The impact of Covid-19 on tourism has been devastating. And yet in learning to adapt, France is finding fresh new ways to share its culture with visitors. Marion Sauvebois reports
In the wake of quarantines for travellers and Europe-wide coronavirus spikes, the tourism industry is feeling its way through unprecedented times. The threat of further travel bans and plummeting international tourism looms large. But while the pandemic has thrown the industry – and the world – into disarray, it has forced a fundamental rethink. Some believe it has been a wake-up call in the midst of rampant over-tourism.

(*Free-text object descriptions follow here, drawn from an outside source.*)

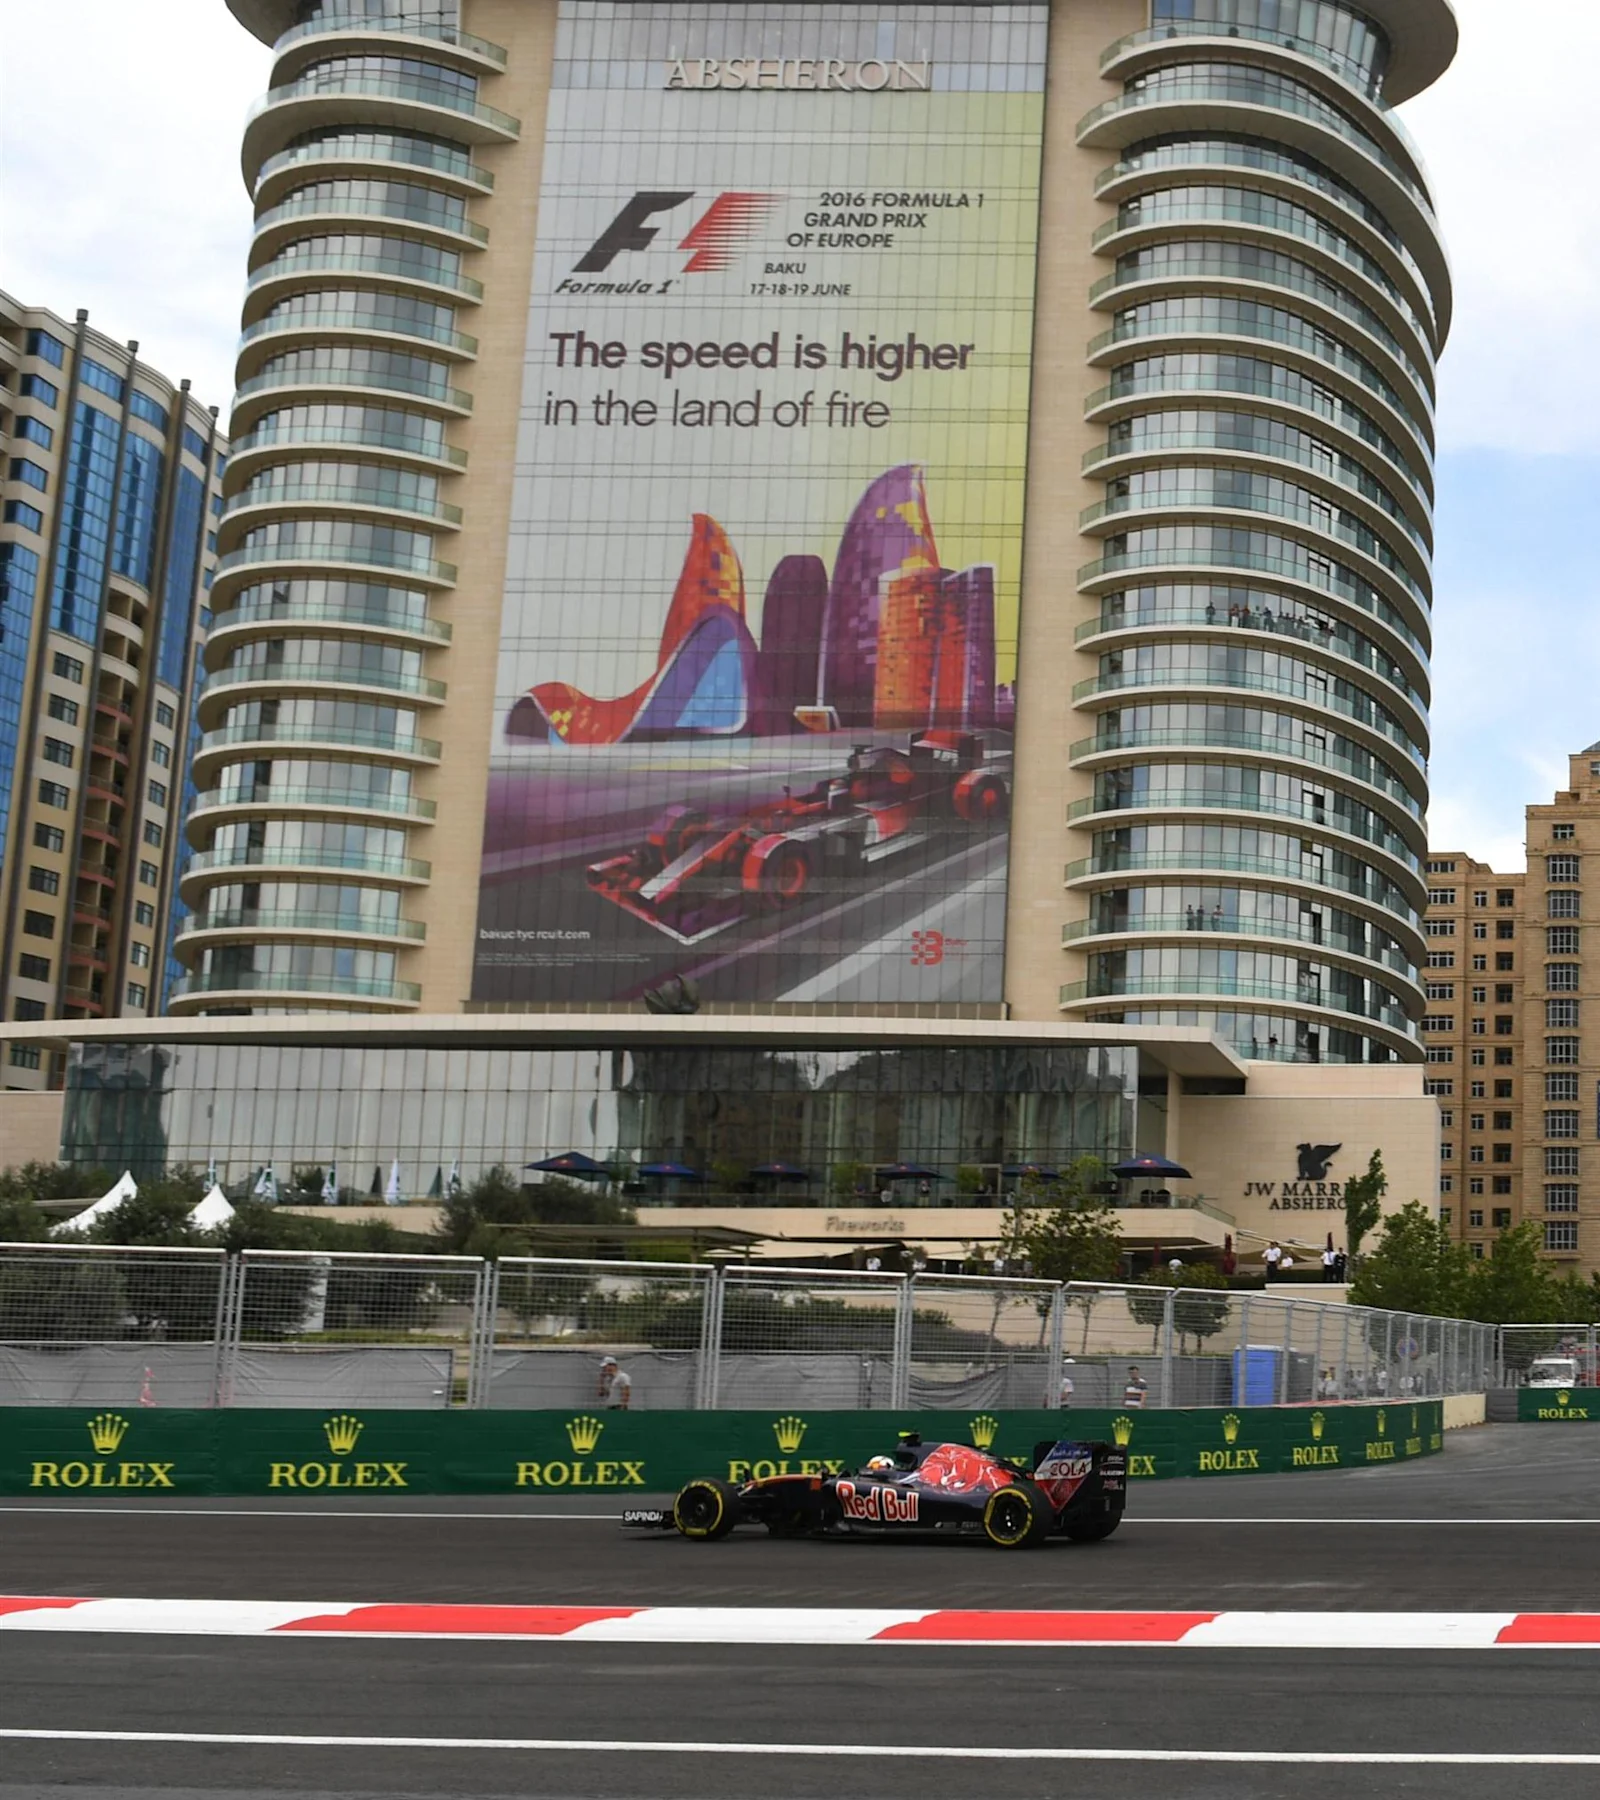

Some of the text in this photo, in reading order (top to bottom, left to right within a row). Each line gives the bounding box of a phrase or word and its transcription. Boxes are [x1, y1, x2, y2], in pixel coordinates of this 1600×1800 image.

[663, 56, 932, 91] ABSHERON
[819, 192, 985, 208] 2016 FORMULA 1
[804, 212, 928, 229] GRAND PRIX
[786, 233, 894, 249] OF EUROPE
[764, 262, 806, 275] BAKU
[555, 278, 653, 295] Formula
[749, 282, 852, 297] 17-18-19 JUNE
[549, 331, 975, 380] The speed is higher
[544, 390, 891, 428] in the land of fire
[1244, 1182, 1389, 1197] JW MARRT
[1269, 1197, 1348, 1210] ABSHERO
[1538, 1408, 1588, 1419] ROLEX
[1200, 1449, 1259, 1470] ROLEX
[1293, 1446, 1339, 1465] ROLEX
[30, 1461, 174, 1488] ROLEX
[269, 1462, 408, 1487] ROLEX
[517, 1462, 645, 1485] ROLEX
[1050, 1463, 1087, 1476] COLA
[836, 1480, 919, 1522] Red Bull
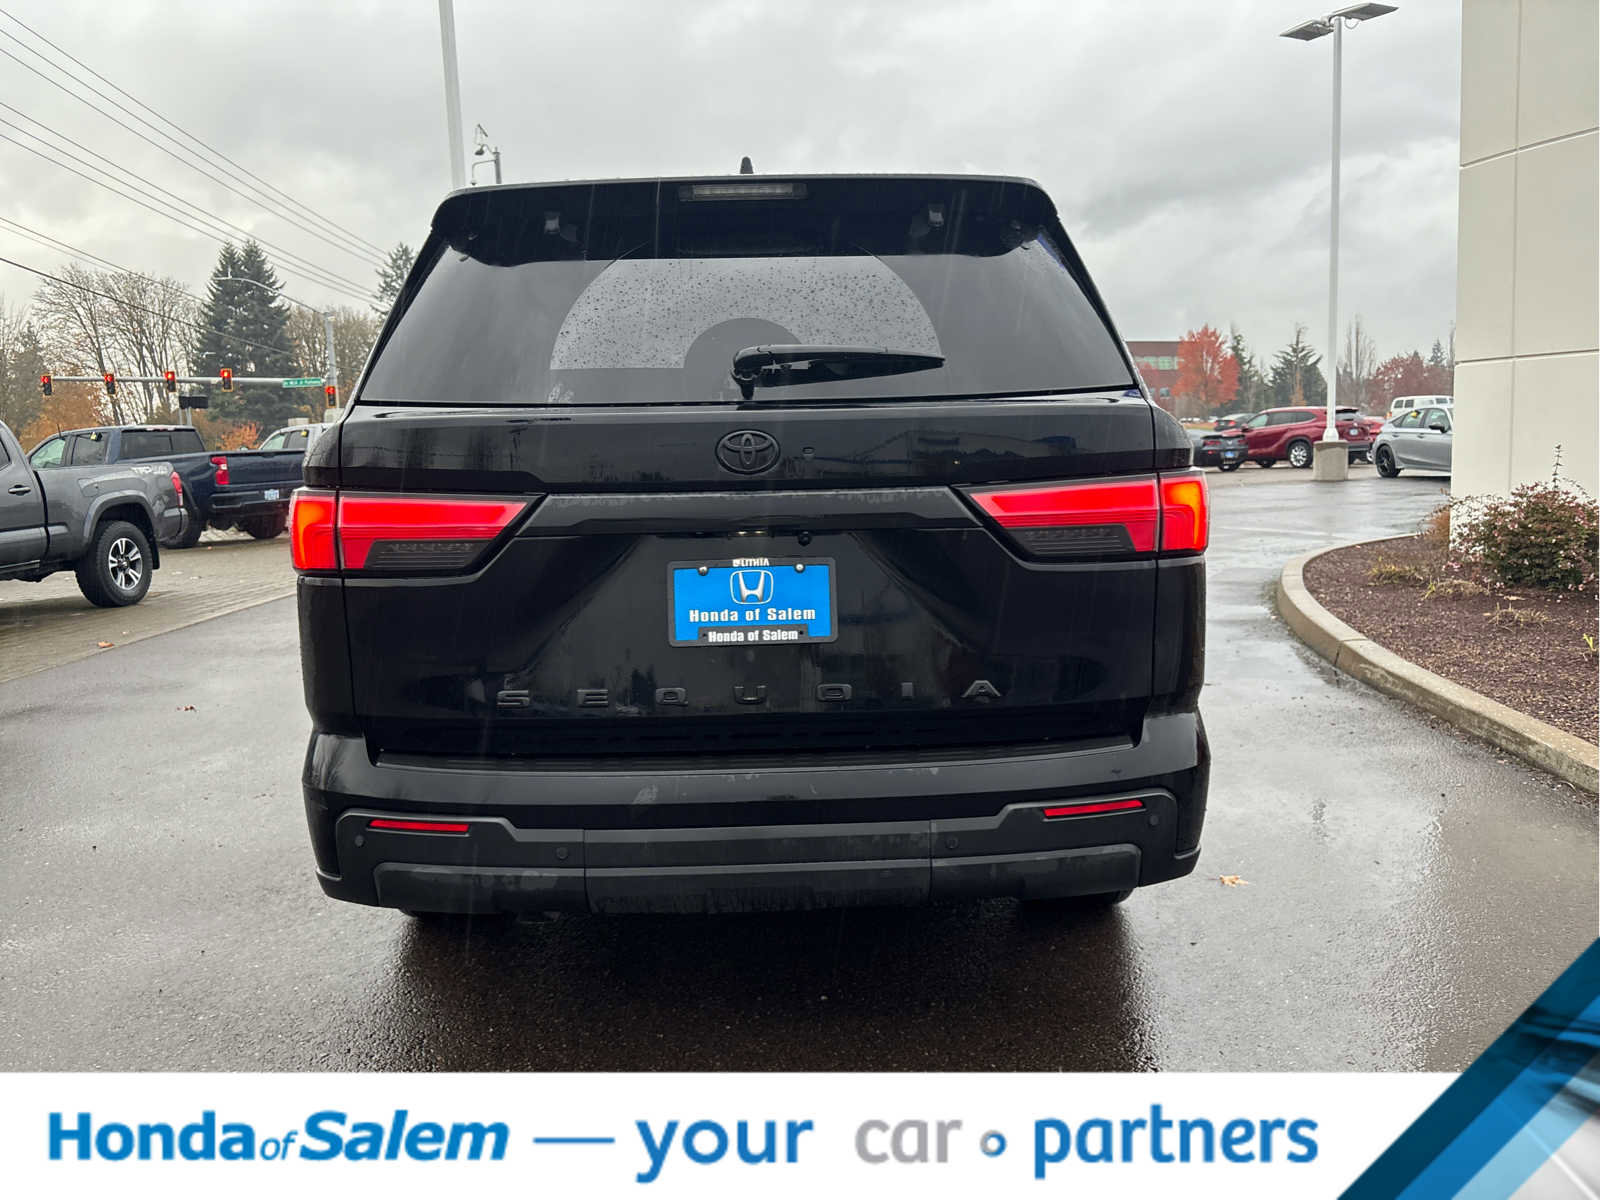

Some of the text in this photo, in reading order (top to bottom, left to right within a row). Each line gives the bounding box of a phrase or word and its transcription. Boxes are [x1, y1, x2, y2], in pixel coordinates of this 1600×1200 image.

[739, 557, 770, 566] LITHIA
[689, 608, 816, 622] Honda of Salem
[708, 630, 799, 643] Honda of Salem
[496, 679, 1002, 708] SEQUOIA

“It was a jolt and it spurred us into action in a very positive way,” says Léa Dorothée, of the international tourism development team at the Centre des Monuments Nationaux (CMN). “We’d been wondering for some time how to improve visitor experience and these ongoing discussions allowed us to react quickly, to put ticketed and timed entries in place. Although we’ve had to postpone openings, like the launch of the Hôtel de la Marine in Paris, which has now been delayed until April 2021, we’ve been able to maintain events, scheduled exhibitions and musical performances at many of our monuments.” The late Christo’s much-anticipated ‘L’Arc de Triomphe, Wrapped’ pop-up installation has also been postponed until next year.
“Visitor numbers have dropped by half in some parts of the country, which was to be expected,” Léa says. “But we are hopeful for the future. And it has given us food for thought. We’ve been thinking about new ways to engage with visitors, like live virtual tours led by monument employees.”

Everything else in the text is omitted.